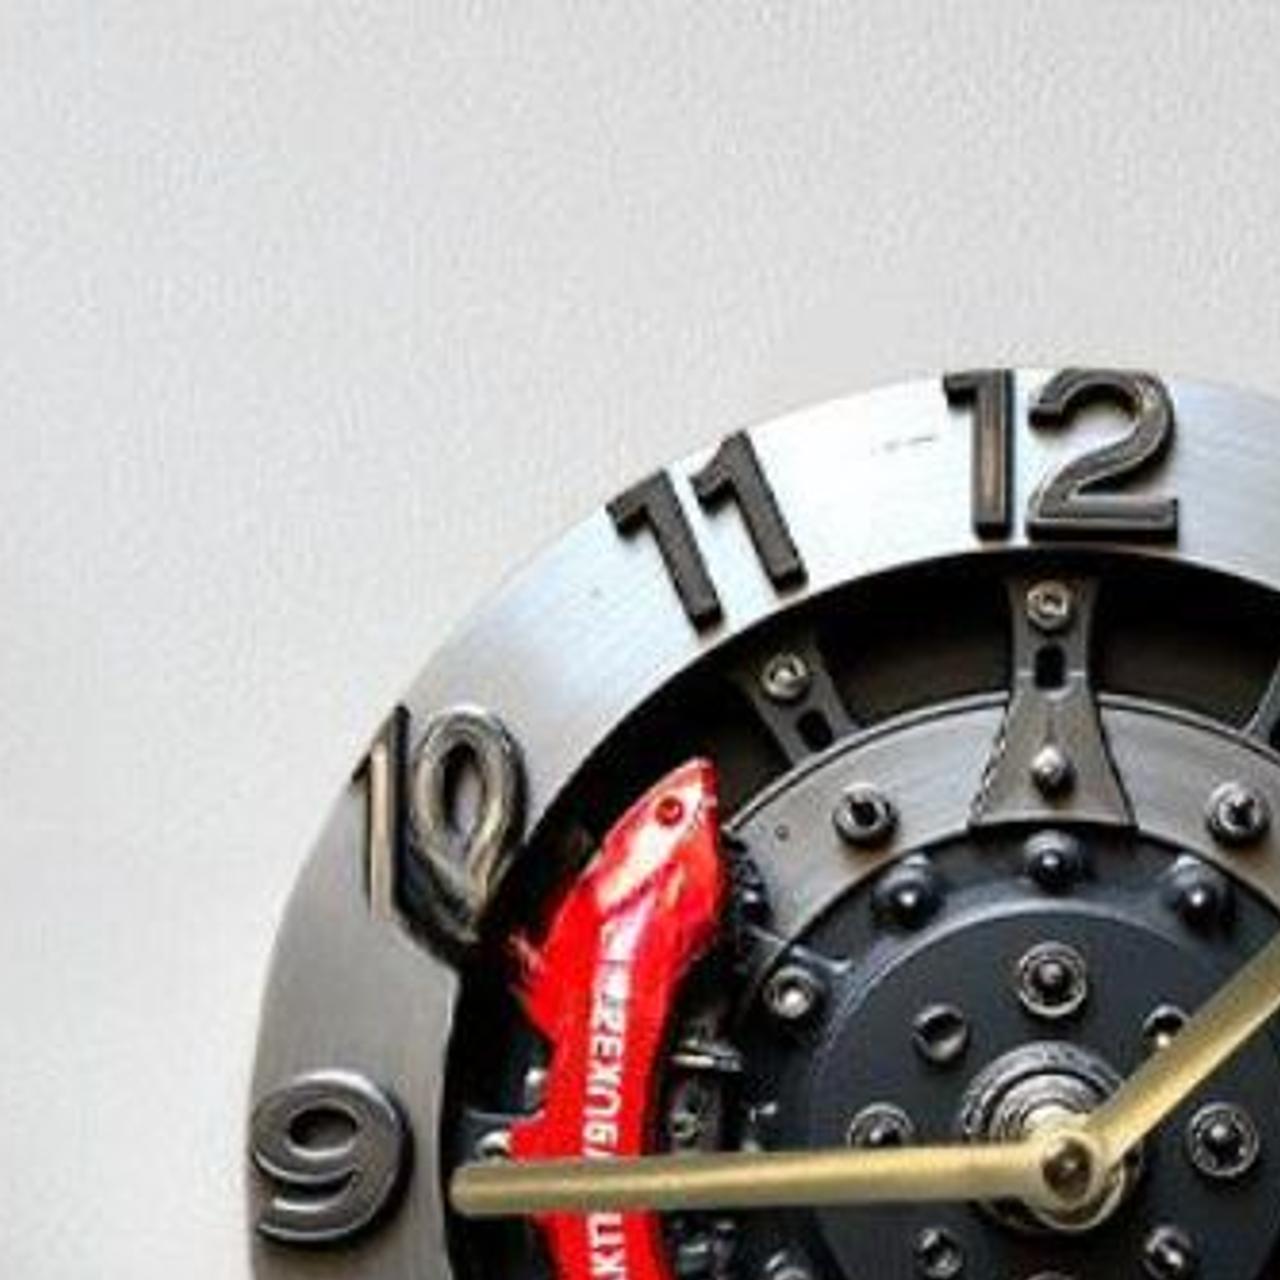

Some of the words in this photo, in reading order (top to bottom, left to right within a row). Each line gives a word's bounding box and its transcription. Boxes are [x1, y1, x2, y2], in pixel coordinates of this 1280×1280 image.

[607, 429, 806, 632] 11
[943, 369, 1178, 545] 12
[352, 705, 530, 943] 10
[252, 1068, 412, 1250] 9
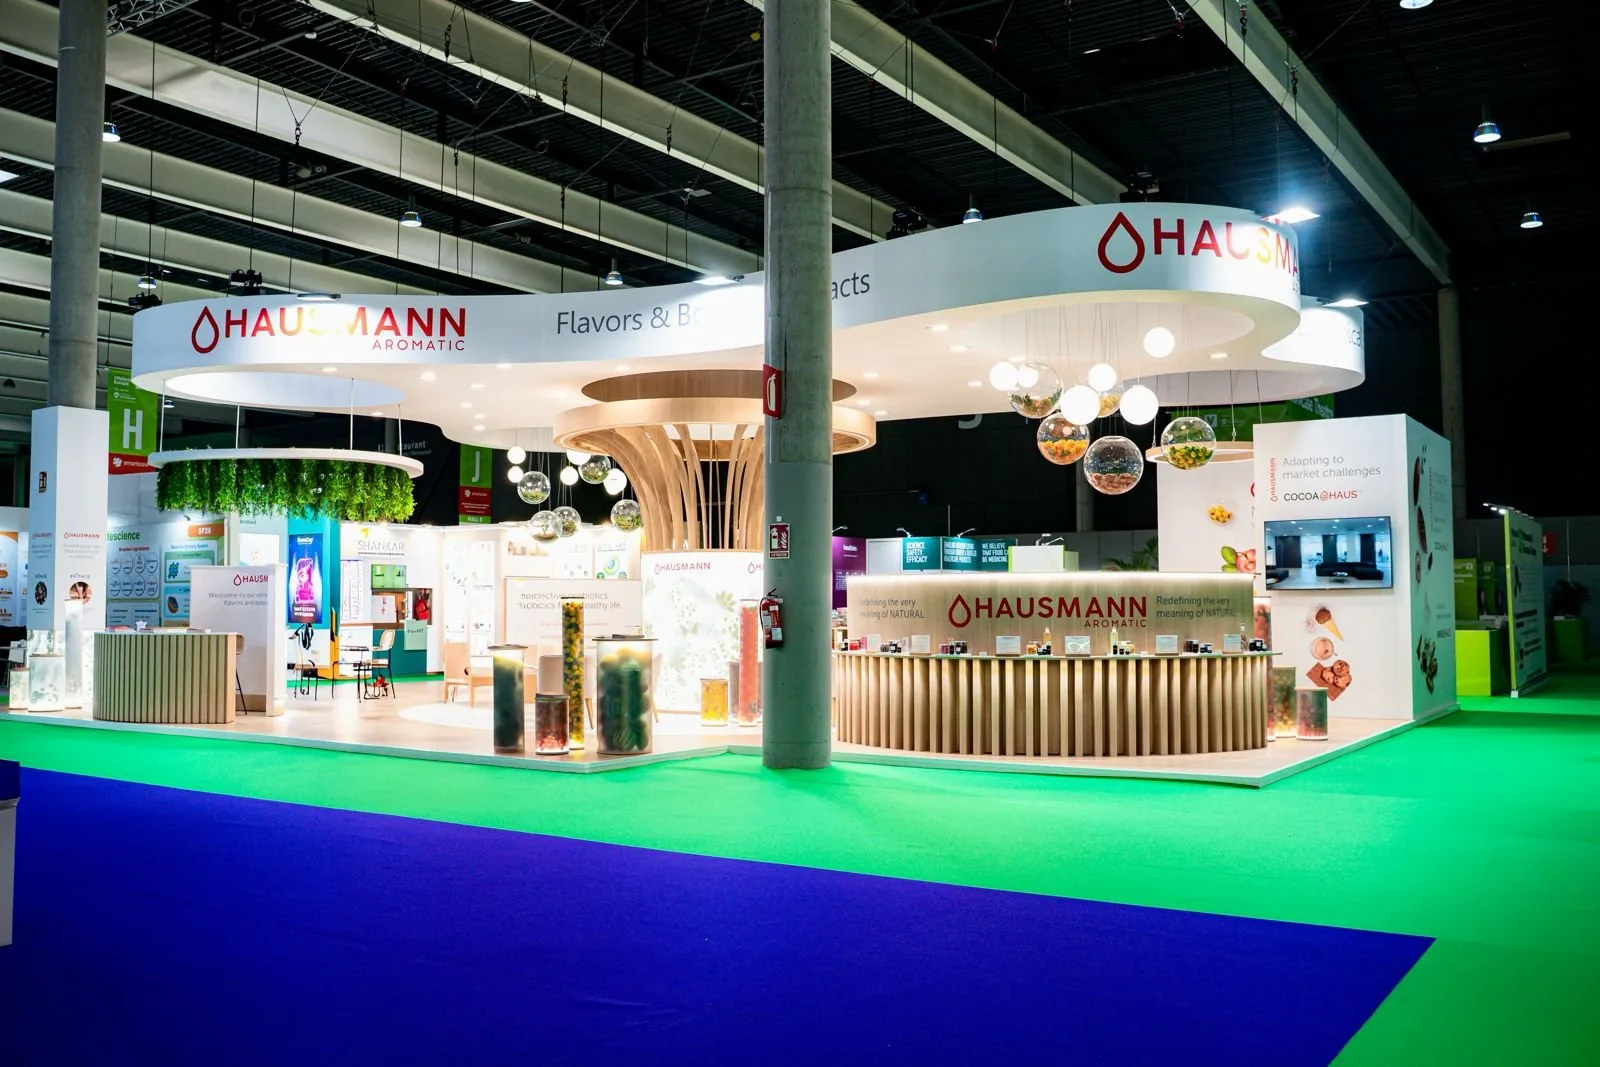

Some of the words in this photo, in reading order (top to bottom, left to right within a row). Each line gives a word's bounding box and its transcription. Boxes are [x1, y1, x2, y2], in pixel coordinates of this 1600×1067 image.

[557, 310, 642, 334] Flavors
[650, 307, 671, 329] &
[372, 339, 465, 351] AROMATIC
[123, 408, 143, 450] H
[472, 451, 481, 483] J
[1283, 456, 1329, 468] Adapting
[1333, 456, 1344, 464] to
[1283, 469, 1320, 480] market
[1323, 466, 1381, 478] challenges
[358, 540, 406, 552] SHANKAR
[906, 542, 925, 550] SCIENCE
[660, 562, 711, 572] HAUSMANN
[888, 599, 899, 607] the
[900, 600, 916, 609] very
[976, 595, 1147, 619] HAUSMANN
[1156, 595, 1201, 607] Redefining
[1203, 596, 1215, 605] the
[1216, 597, 1230, 607] very
[890, 609, 925, 619] NATURAL
[1156, 610, 1194, 620] meaning
[1196, 609, 1204, 618] of
[1084, 619, 1147, 629] AROMATIC

----

TASK ITEM:
Take the line that contains "this 1600×1067 image." and every line after it to the end of the entries above, and reproduce them exactly.

ANSWER TO THIS PROBLEM:
Some of the words in this photo, in reading order (top to bottom, left to right within a row). Each line gives a word's bounding box and its transcription. Boxes are [x1, y1, x2, y2], in pixel coordinates of this 1600×1067 image.

[557, 310, 642, 334] Flavors
[650, 307, 671, 329] &
[372, 339, 465, 351] AROMATIC
[123, 408, 143, 450] H
[472, 451, 481, 483] J
[1283, 456, 1329, 468] Adapting
[1333, 456, 1344, 464] to
[1283, 469, 1320, 480] market
[1323, 466, 1381, 478] challenges
[358, 540, 406, 552] SHANKAR
[906, 542, 925, 550] SCIENCE
[660, 562, 711, 572] HAUSMANN
[888, 599, 899, 607] the
[900, 600, 916, 609] very
[976, 595, 1147, 619] HAUSMANN
[1156, 595, 1201, 607] Redefining
[1203, 596, 1215, 605] the
[1216, 597, 1230, 607] very
[890, 609, 925, 619] NATURAL
[1156, 610, 1194, 620] meaning
[1196, 609, 1204, 618] of
[1084, 619, 1147, 629] AROMATIC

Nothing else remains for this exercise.